Yulia turned over the last page of the thick folder, carefully straightened the stack of papers, and fastened them with a heavy stapler. The sharp click echoed through the quiet office like a final chord. Her workday as a records clerk at a large trading company was coming to an end.
The company produced and sold soft drinks: endless rows of pallets filled the warehouses — sparkling lemonade, sweet pear soda, bright green tarragon drink, and crystal-clear mineral water. Yulia loved her job. It had structure, logic, and order. Every invoice, every supply contract, every reconciliation statement had its proper place in the strict hierarchy of documents.
For Yulia, order was not just a professional requirement. It was a necessity in life. She was used to sorting everything into categories, analyzing things, and planning ahead. Her colleagues often joked that she had an invisible calculator and filing cabinet built into her mind. Management valued her for her flawless accuracy and meticulous nature: in five years of work, she had never lost a single document, and every inspection had passed without one complaint.

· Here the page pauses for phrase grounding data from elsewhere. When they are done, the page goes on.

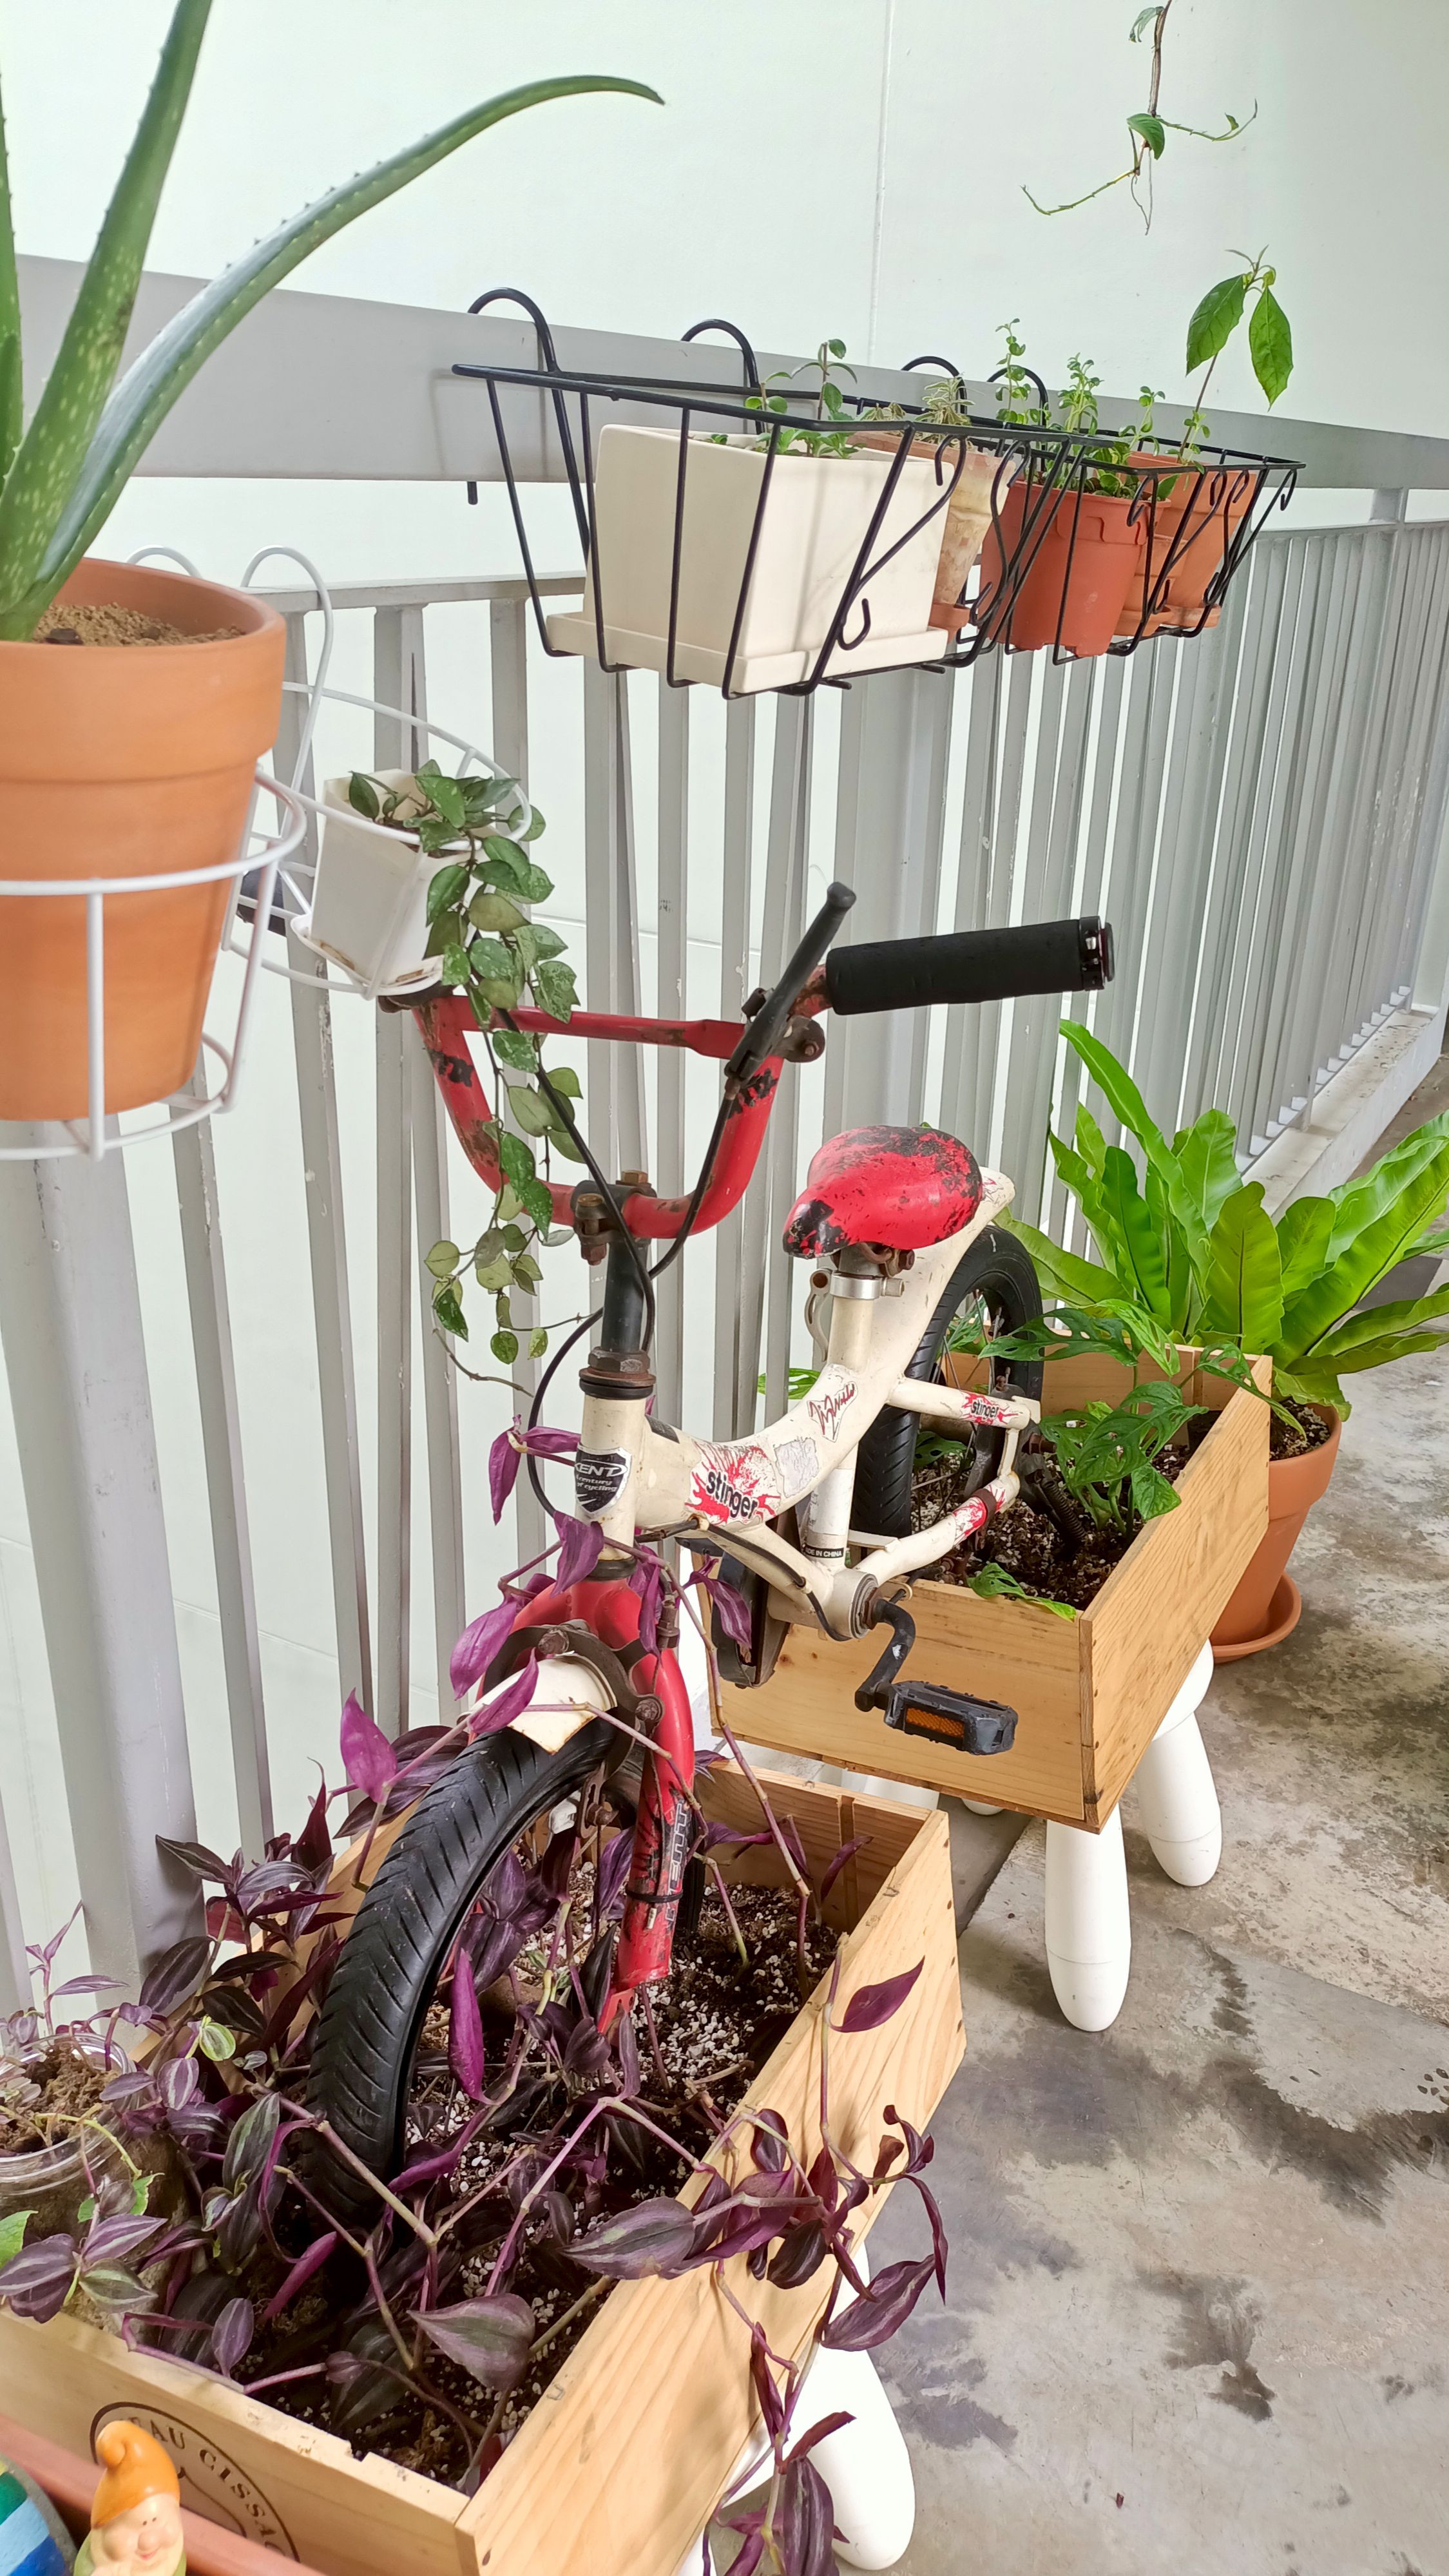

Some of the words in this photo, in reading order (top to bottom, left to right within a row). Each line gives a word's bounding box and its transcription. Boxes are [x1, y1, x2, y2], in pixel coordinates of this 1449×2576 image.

[970, 1399, 999, 1419] stinger
[579, 1475, 613, 1485] century
[706, 1471, 758, 1519] stinger
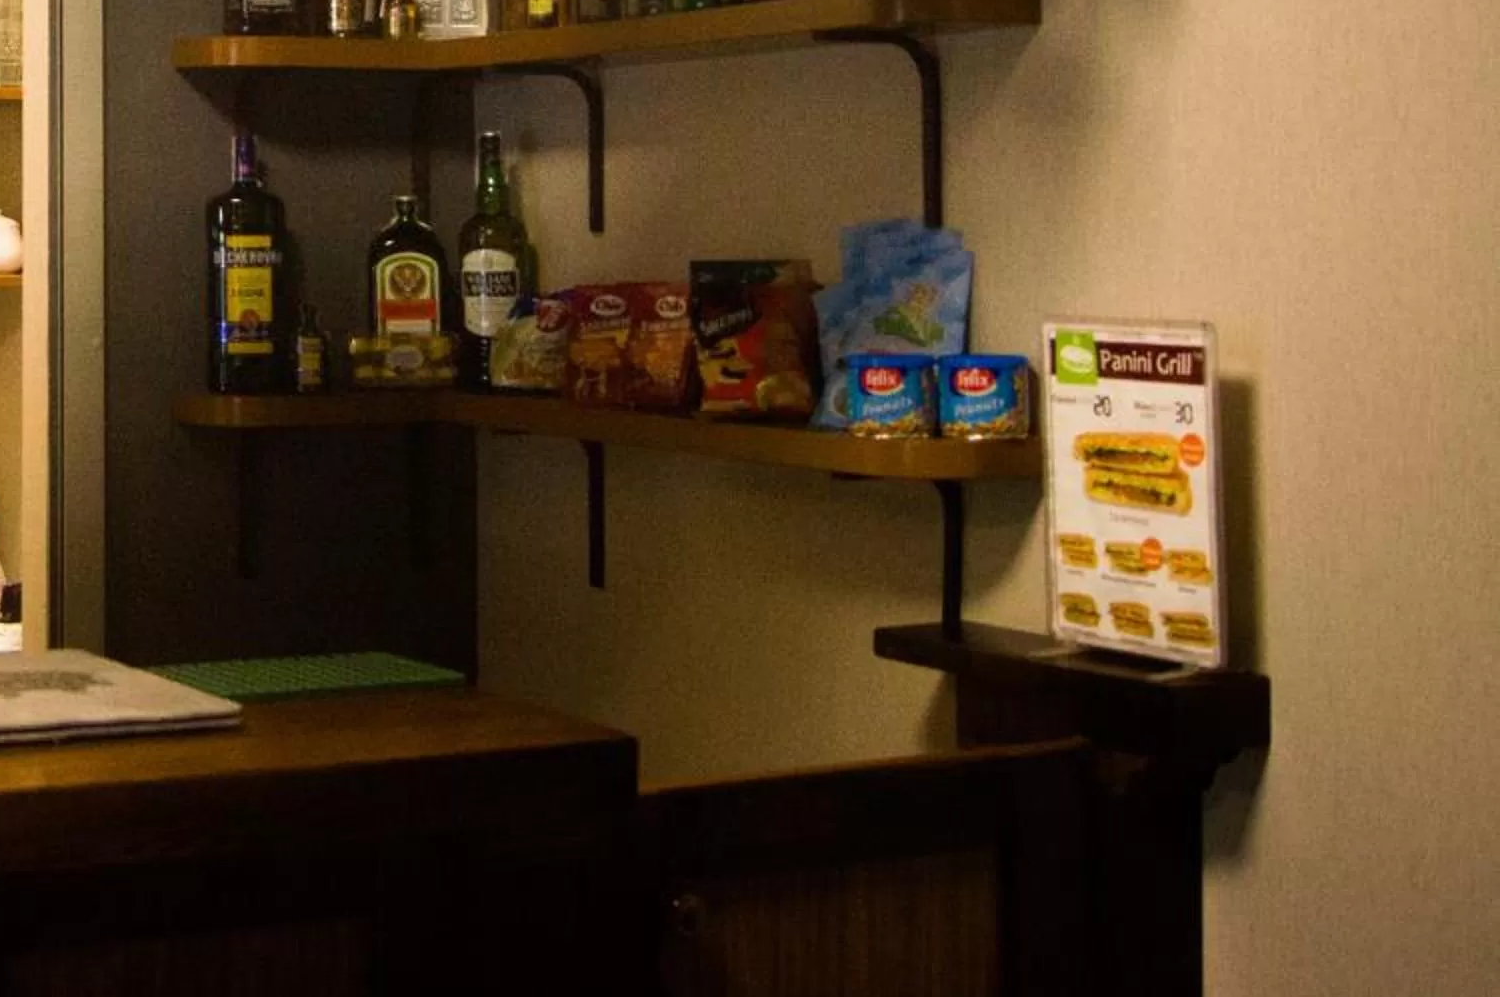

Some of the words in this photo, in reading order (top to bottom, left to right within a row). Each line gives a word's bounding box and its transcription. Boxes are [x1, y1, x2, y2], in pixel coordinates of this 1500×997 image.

[1100, 350, 1152, 373] Panini
[1156, 352, 1193, 375] Grill
[957, 368, 990, 389] felix
[1094, 395, 1112, 417] 20
[1175, 401, 1193, 424] 30

After locking the safe, Yulia gathered her bag and headed for the exit. At home, a completely different world awaited her — a world of scents and creativity. Her hobby, her secret passion, was making handmade craft soap. Not ordinary soap-making from ready-made chemical bases. Yulia created real masterpieces: soap from scratch, using precious oils, herbal infusions, dried calendula petals, rosemary, and natural essential oils. The whole process required mathematical precision. If you miscalculated the lye by even a couple of grams, the entire batch could be ruined. That jeweler’s precision calmed her after a long, stressful day at work.
The apartment Yulia returned to every evening was her personal fortress. A spacious, bright two-room apartment had been left to her by her grandmother. Yulia had put a lot of effort into it: she had designed the interior herself, hired a renovation crew, carefully chosen pistachio-colored wallpaper and light wooden furniture. It was her little nest, the place where she had brought her husband, Igor, three years earlier.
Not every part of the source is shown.